Supplied data section start
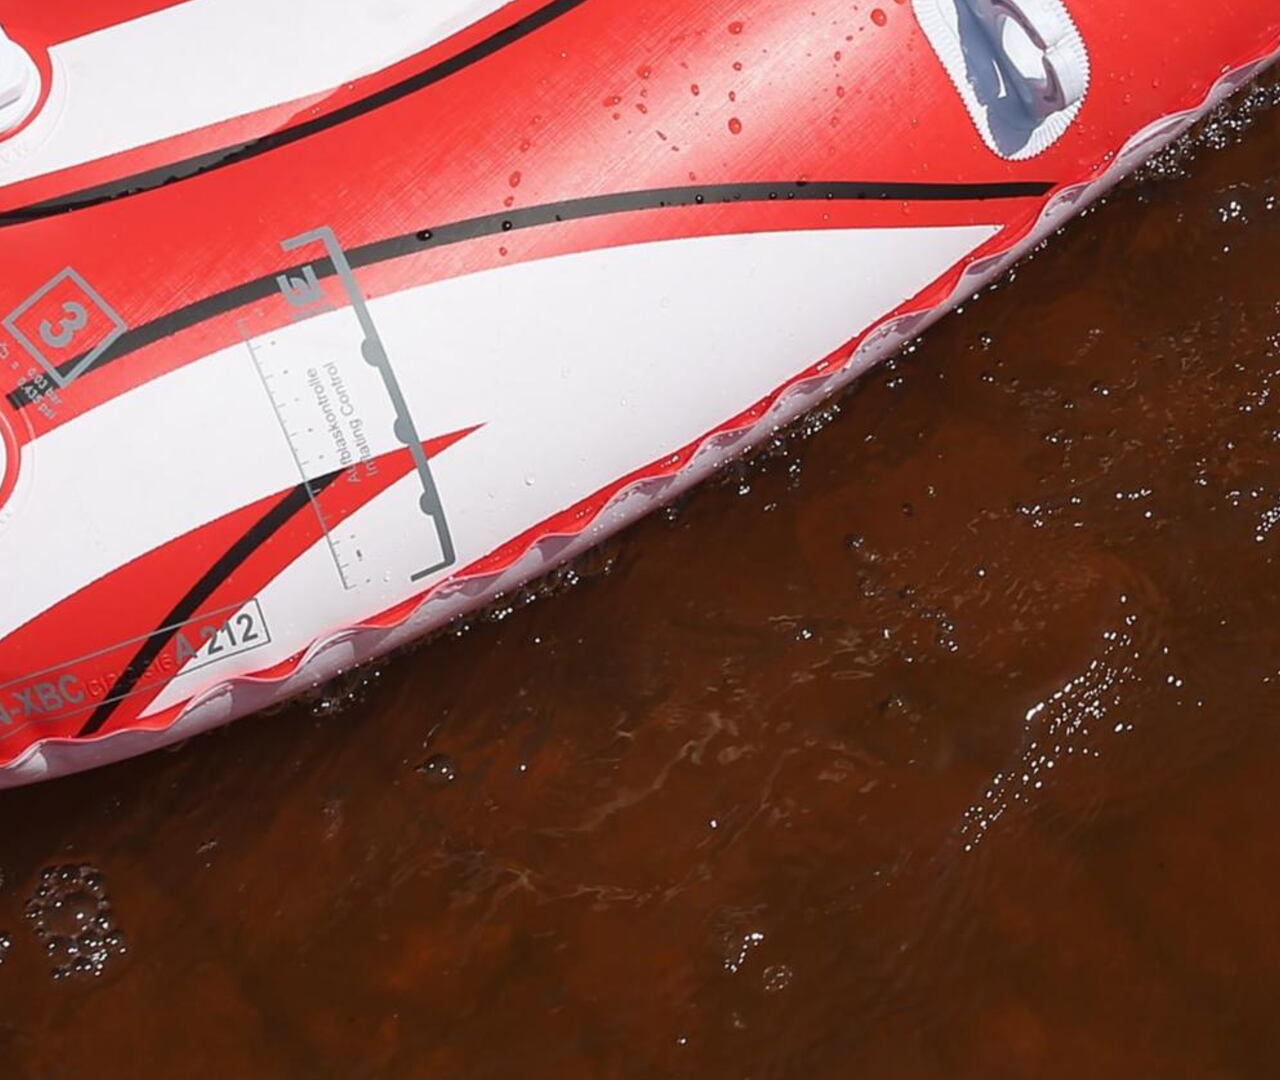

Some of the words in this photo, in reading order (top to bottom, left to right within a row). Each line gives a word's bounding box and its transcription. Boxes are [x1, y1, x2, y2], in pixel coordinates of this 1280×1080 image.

[40, 301, 88, 349] 3
[323, 361, 355, 416] Control
[307, 367, 361, 483] Aufblaskontrolle
[349, 418, 380, 477] Inflating
[175, 632, 199, 663] A
[201, 612, 259, 656] 212
Supplied data section end
* **Exercise**:
Pictures stay out; print everything else in the data exactly.

* **Your response**:
Some of the words in this photo, in reading order (top to bottom, left to right within a row). Each line gives a word's bounding box and its transcription. Boxes are [x1, y1, x2, y2], in pixel coordinates of this 1280×1080 image.

[40, 301, 88, 349] 3
[323, 361, 355, 416] Control
[307, 367, 361, 483] Aufblaskontrolle
[349, 418, 380, 477] Inflating
[175, 632, 199, 663] A
[201, 612, 259, 656] 212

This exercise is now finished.